# DESCRIPTION OF THE TASK:
Each image should be skipped while the records are restated word for word.

Annotated photo localization data

»»

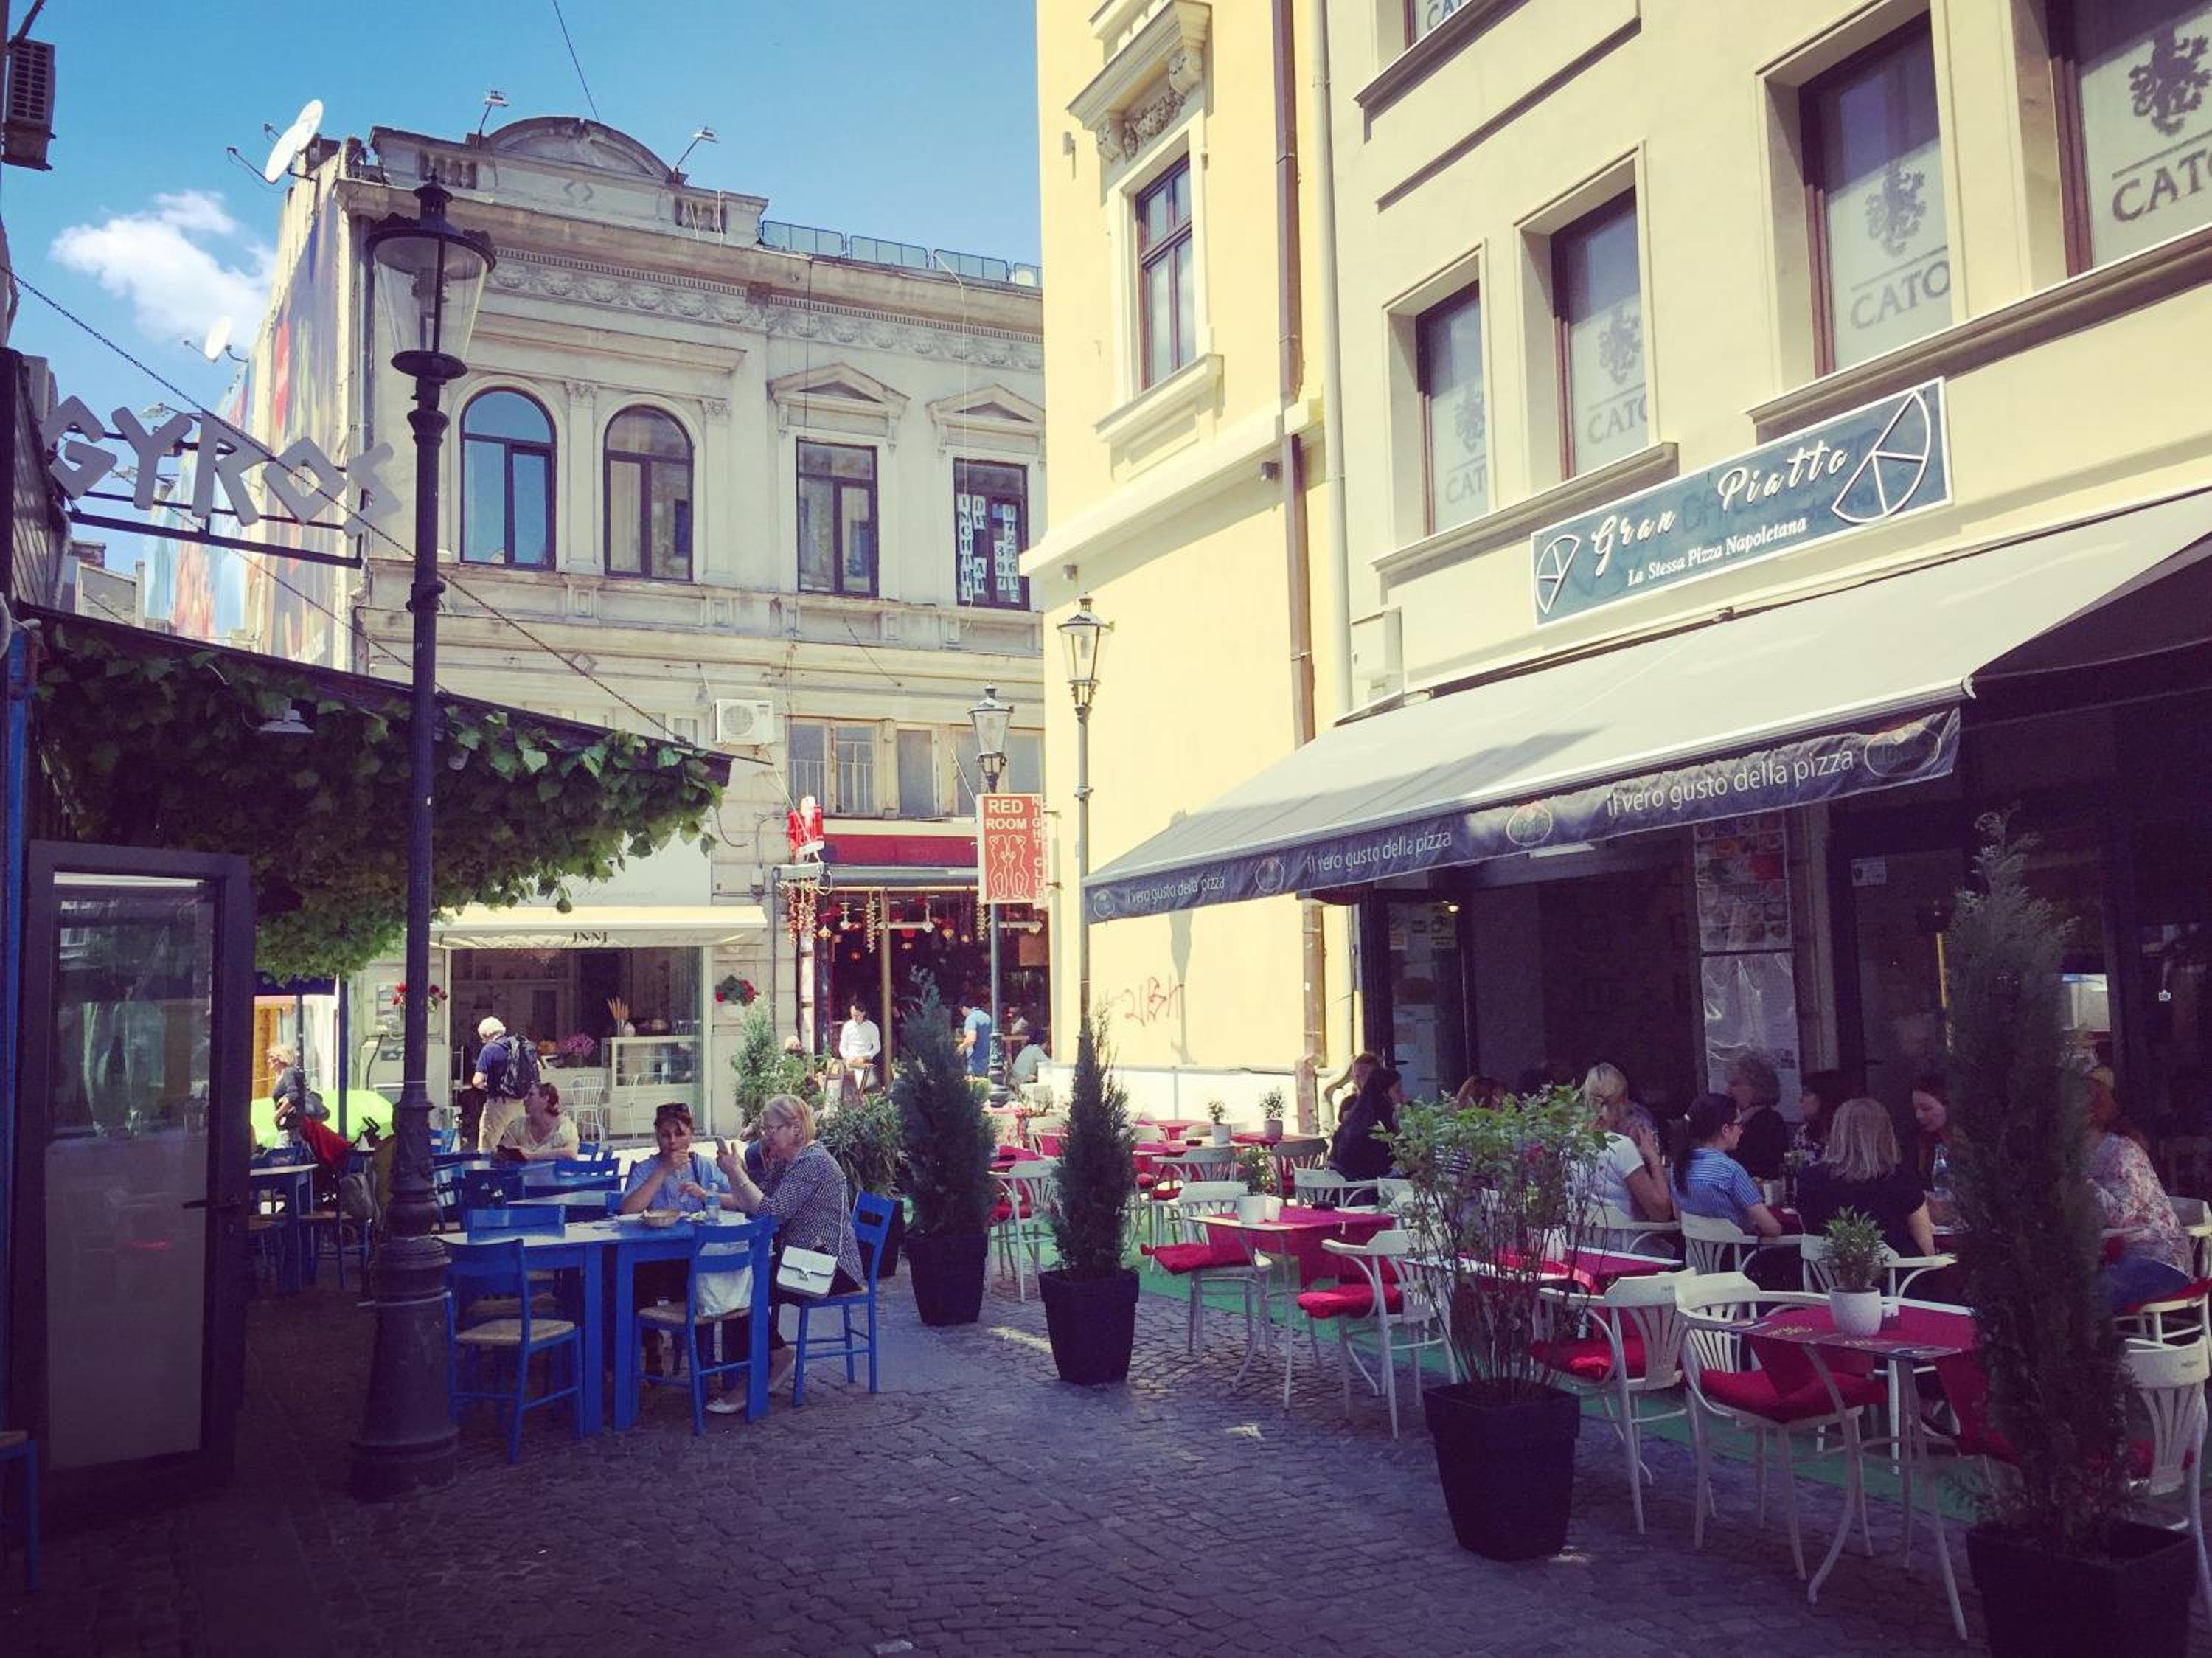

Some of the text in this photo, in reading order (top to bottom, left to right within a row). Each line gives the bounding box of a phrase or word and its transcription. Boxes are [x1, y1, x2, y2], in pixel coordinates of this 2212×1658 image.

[2112, 147, 2212, 222] CAT
[42, 395, 403, 540] GYROS
[1591, 510, 1675, 577] Gran
[1718, 440, 1848, 510] Piatto
[1628, 518, 1806, 586] La Stessa Pizza Napoletana
[988, 800, 1023, 814] RED
[1622, 790, 1664, 812] vero
[1670, 777, 1727, 811] gusto
[1734, 760, 1787, 791] della
[1794, 751, 1853, 788] pizza
[986, 818, 1027, 830] ROOM
[1318, 854, 1342, 872] vero
[1346, 846, 1379, 873] gusto
[1382, 836, 1412, 859] della
[1416, 831, 1451, 857] pizza
[1152, 884, 1176, 905] gusto

««

# WRITTEN ANSWER:
Some of the text in this photo, in reading order (top to bottom, left to right within a row). Each line gives the bounding box of a phrase or word and its transcription. Boxes are [x1, y1, x2, y2], in pixel coordinates of this 2212×1658 image.

[2112, 147, 2212, 222] CAT
[42, 395, 403, 540] GYROS
[1591, 510, 1675, 577] Gran
[1718, 440, 1848, 510] Piatto
[1628, 518, 1806, 586] La Stessa Pizza Napoletana
[988, 800, 1023, 814] RED
[1622, 790, 1664, 812] vero
[1670, 777, 1727, 811] gusto
[1734, 760, 1787, 791] della
[1794, 751, 1853, 788] pizza
[986, 818, 1027, 830] ROOM
[1318, 854, 1342, 872] vero
[1346, 846, 1379, 873] gusto
[1382, 836, 1412, 859] della
[1416, 831, 1451, 857] pizza
[1152, 884, 1176, 905] gusto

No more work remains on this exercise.